While the new redemption rates are still above the TPG’s valuation, they’re a far cry from the eight or more cents per point rate Mosaics used to enjoy.

But what’s really irksome is that JetBlue made this change quietly without warning elites of the impending devaluation. As the industry slowly recovers from the pandemic, airlines are going to need to win as much business as they can get.

Many carriers will lean on their frequent flyer programs — and elites in particular — to generate extra cash. However, silent devaluations erode flyers’ trust and make it harder to win business from the most loyal customers.

Another one of the key benefits of Mosaic status is waived change fees. In recent weeks, most major U.S. airlines have permanently eliminated change fees — except JetBlue.

Instead, it’s taking a different approach by promising to waive change fees for all tickets booked through at least Feb. 28, 2021. If every flyer (not just Mosaics) gets free changes due to the broad coronavirus waiver, then this historically elite-only benefit is irrelevant. Combined with the devaluation for redeeming TrueBlue points for extra-legroom seats, there’s much less reason to requalify for Mosaic.

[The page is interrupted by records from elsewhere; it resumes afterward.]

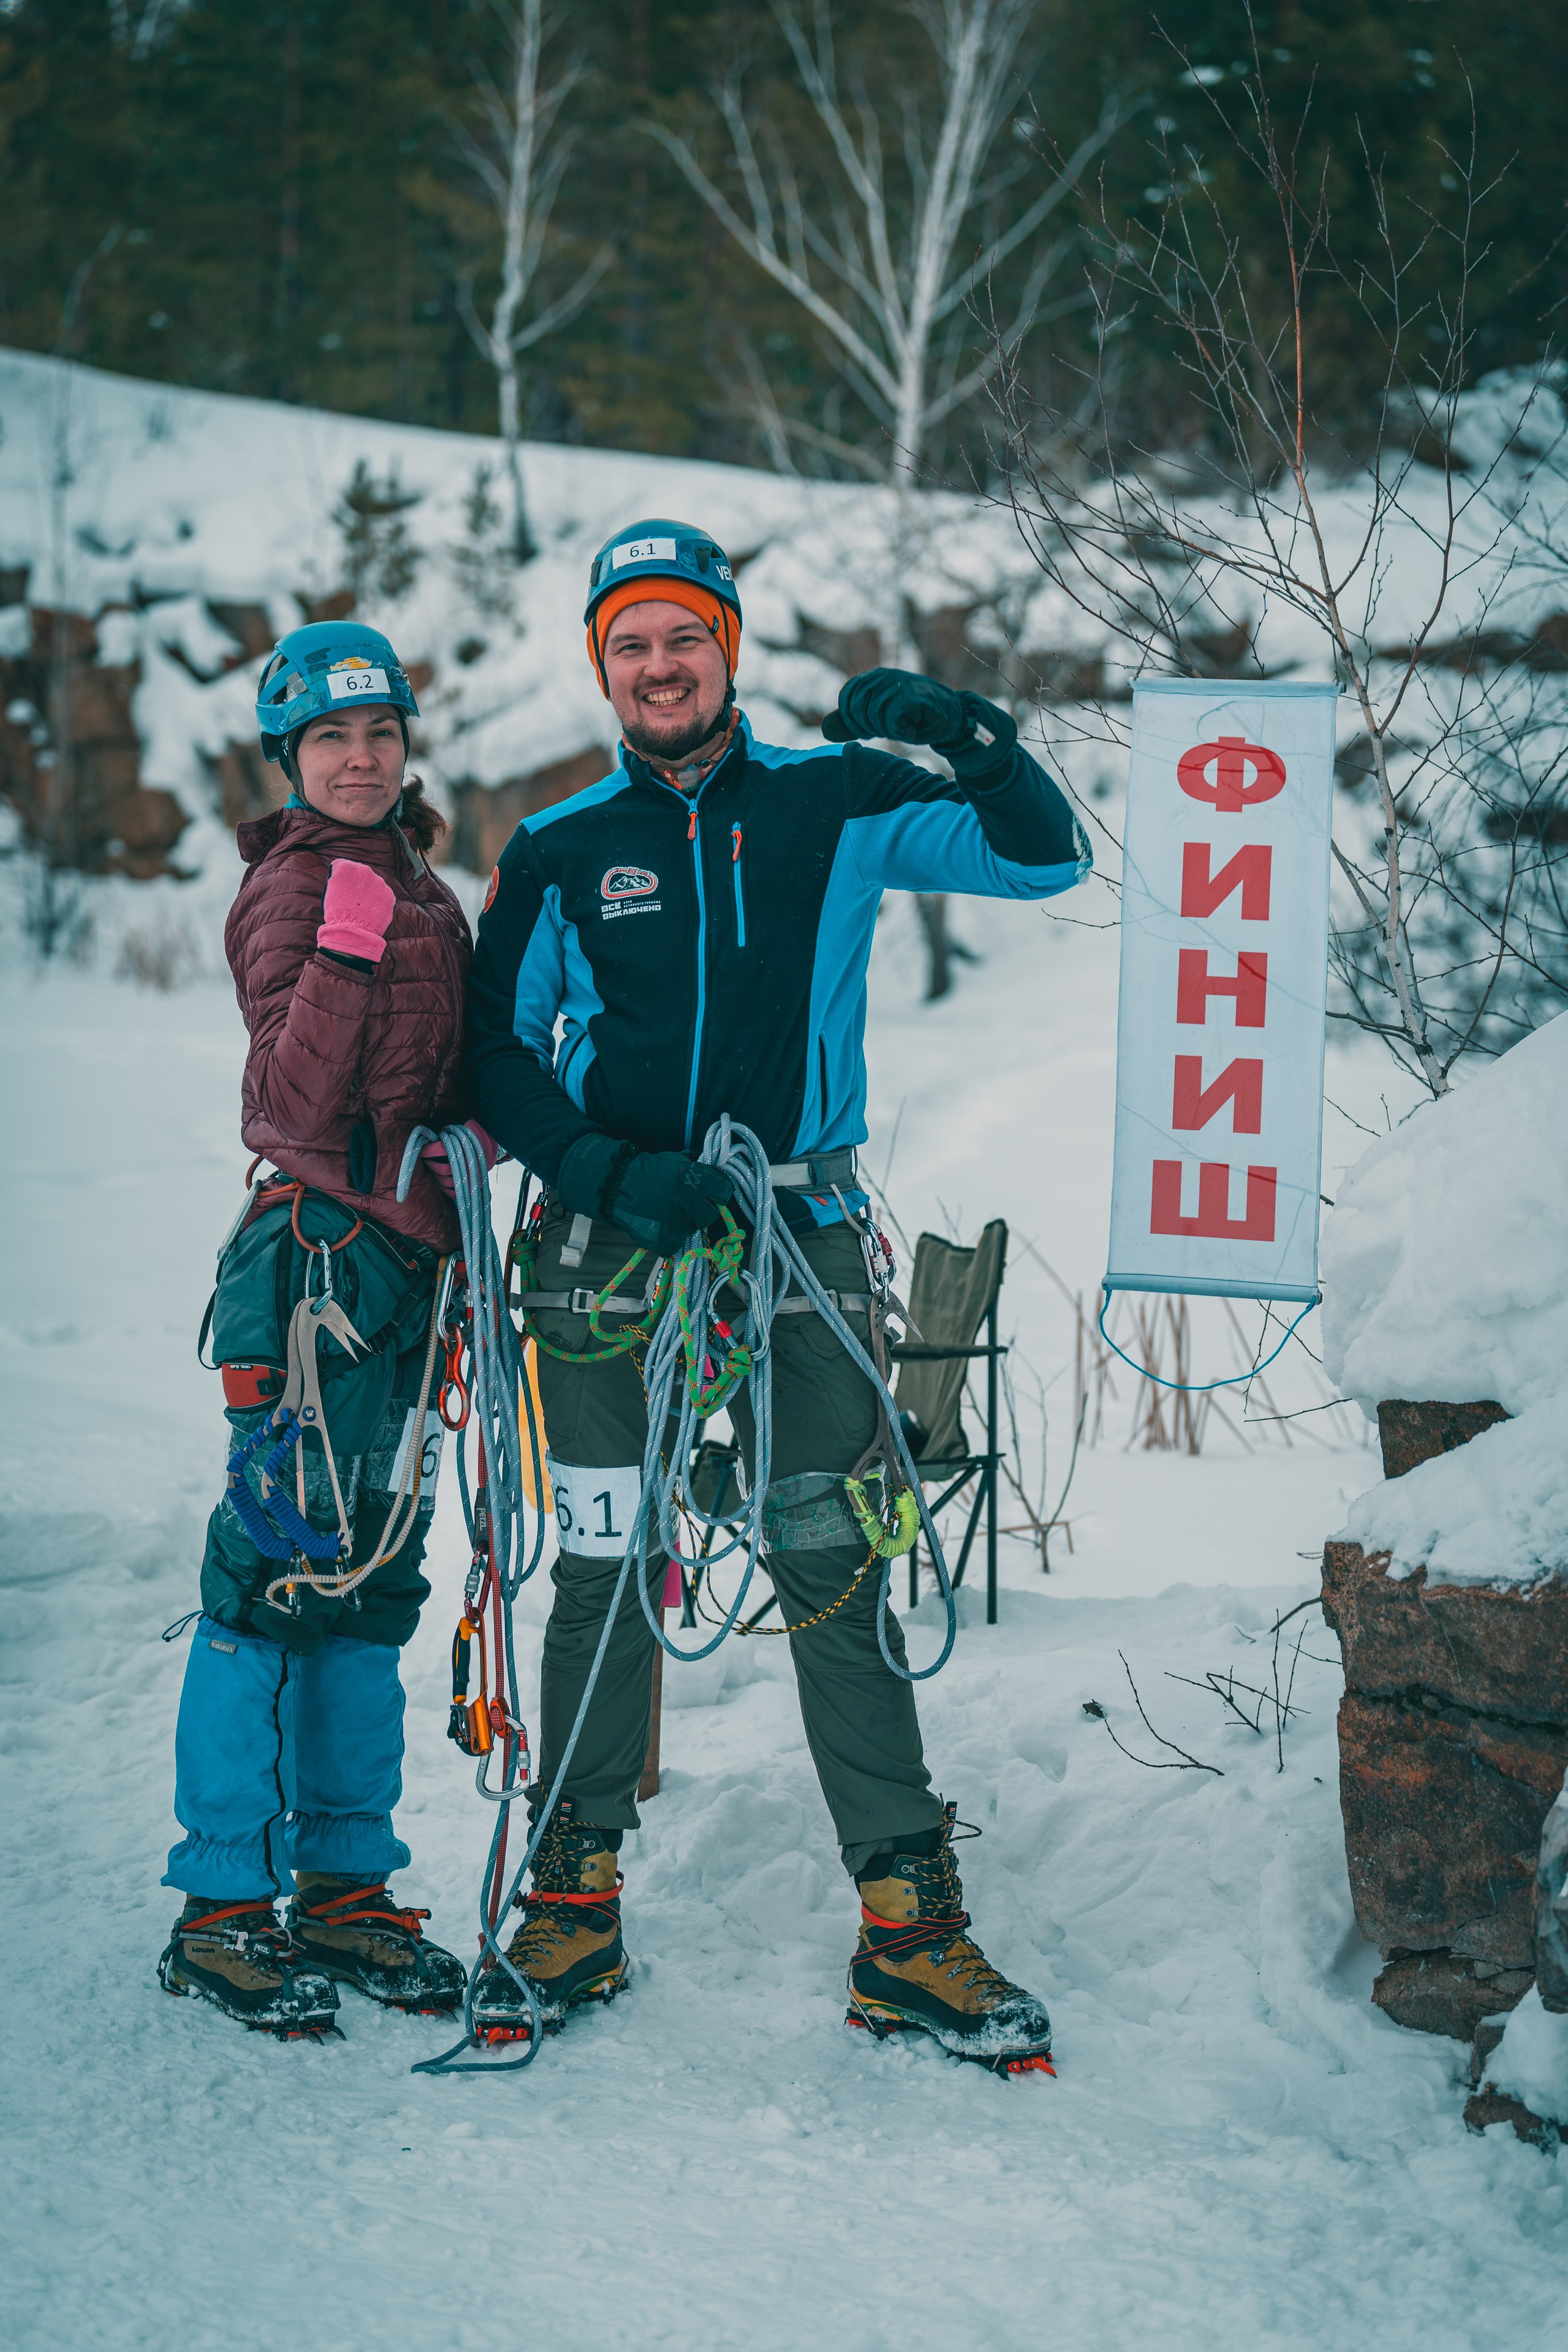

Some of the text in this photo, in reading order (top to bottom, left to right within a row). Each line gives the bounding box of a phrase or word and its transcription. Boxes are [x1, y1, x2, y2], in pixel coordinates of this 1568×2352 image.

[630, 543, 656, 557] 6.1
[346, 675, 374, 690] 6.2
[601, 901, 622, 913] ВСЁ
[602, 904, 662, 921] ВЫКЛЮЧЕНО
[1150, 736, 1287, 1242] ФИНИШ
[476, 1507, 487, 1531] PETZL
[555, 1485, 622, 1537] 6.1
[254, 1944, 270, 1954] PETZL

Related: How to redeem points with the JetBlue TrueBlue program

Even More Space seating is going to cost a lot more points for Mosaic elites (Photo by Zach Griff/The Points Guy)

In July, JetBlue announced that it will enter a strategic Northeast-focused alliance with American Airlines. The two carriers promised reciprocal elite benefits. While we’ve yet to hear the details, hopefully, the carrier will sweeten the deal for Mosaics — and roll back this untimely devaluation.

For now, with the greatly reduced redemption rates for Even More Space seats, one of the most valuable Mosaic perks has been significantly scaled back.